[INFORMATION GIVEN]
%%

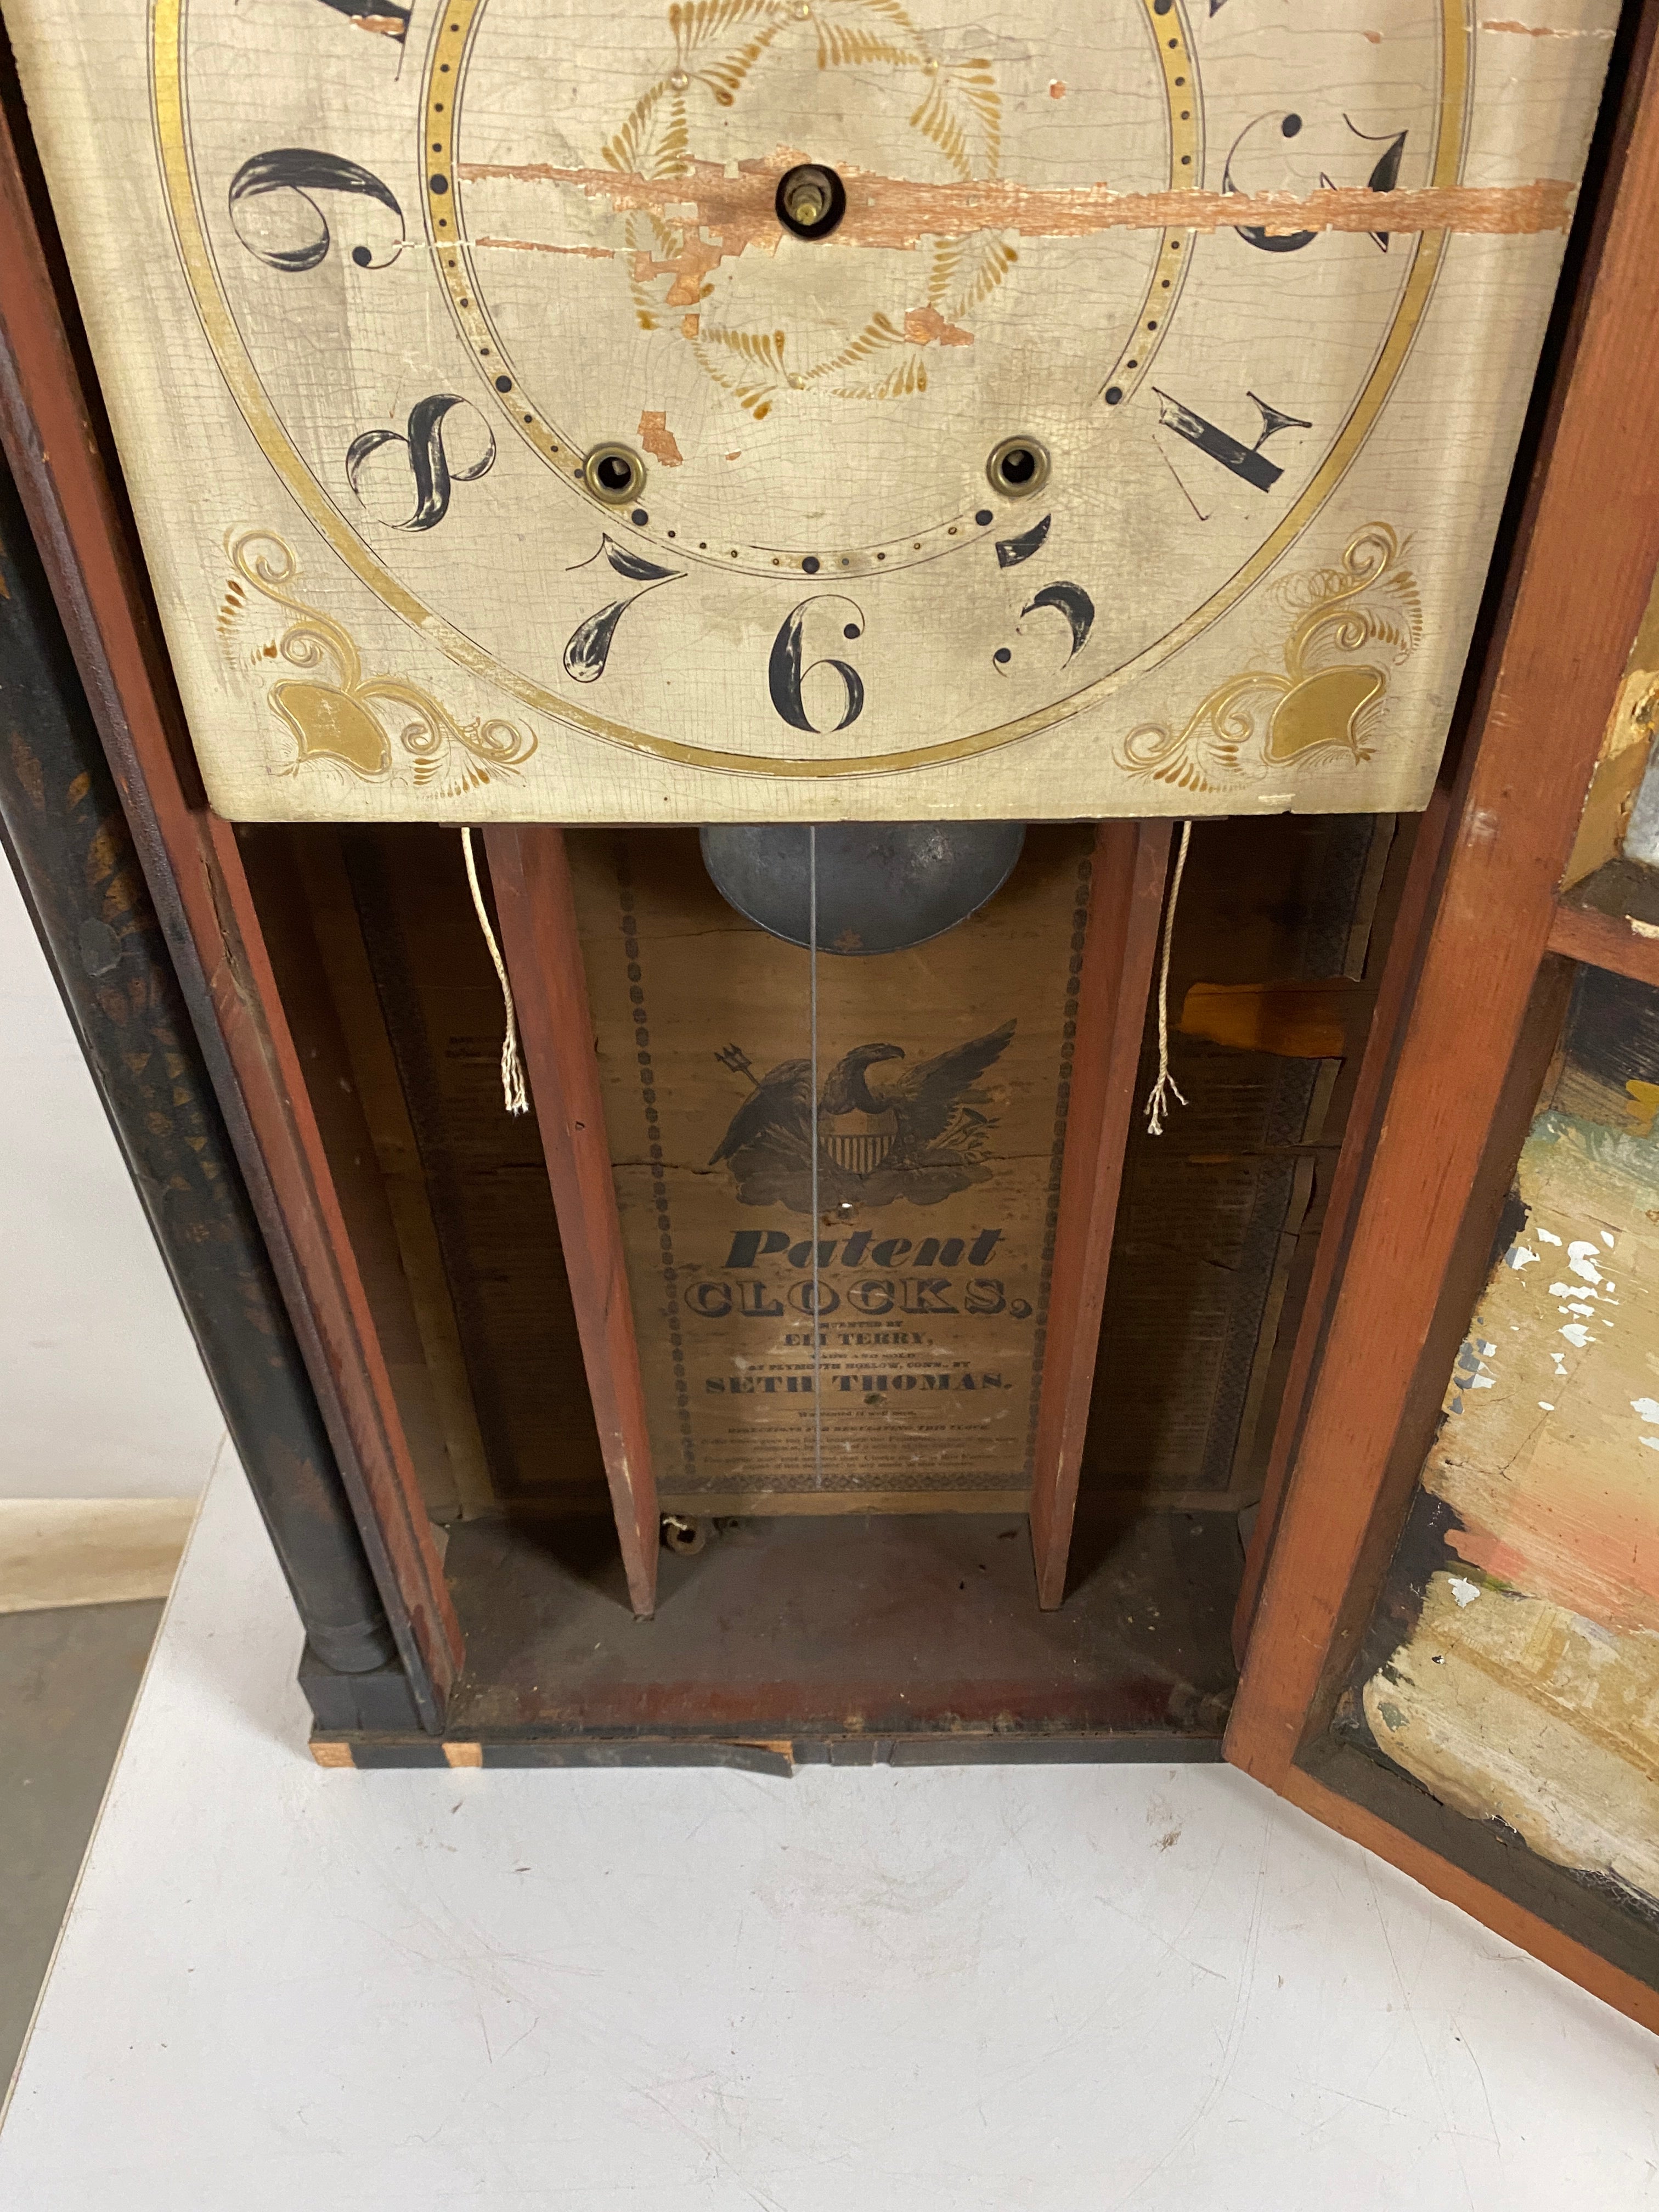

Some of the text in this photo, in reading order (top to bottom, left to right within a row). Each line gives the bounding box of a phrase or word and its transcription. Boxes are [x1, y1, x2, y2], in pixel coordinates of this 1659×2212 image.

[229, 147, 406, 272] 9
[346, 393, 496, 532] 8
[1152, 386, 1313, 522] 4
[564, 532, 689, 683] 7
[992, 514, 1095, 678] 5
[768, 594, 866, 733] 6
[684, 1278, 1034, 1319] CLOCKS,
[721, 1228, 1007, 1269] Patent
[705, 1372, 1013, 1394] SETH THOMAS.
[783, 1331, 933, 1347] ELI TERRY,

%%

[TASK ITEM]
Output each line exactly as shown above; no pictures go in the copy.

[TASK RESULT]
Some of the text in this photo, in reading order (top to bottom, left to right within a row). Each line gives the bounding box of a phrase or word and its transcription. Boxes are [x1, y1, x2, y2], in pixel coordinates of this 1659×2212 image.

[229, 147, 406, 272] 9
[346, 393, 496, 532] 8
[1152, 386, 1313, 522] 4
[564, 532, 689, 683] 7
[992, 514, 1095, 678] 5
[768, 594, 866, 733] 6
[684, 1278, 1034, 1319] CLOCKS,
[721, 1228, 1007, 1269] Patent
[705, 1372, 1013, 1394] SETH THOMAS.
[783, 1331, 933, 1347] ELI TERRY,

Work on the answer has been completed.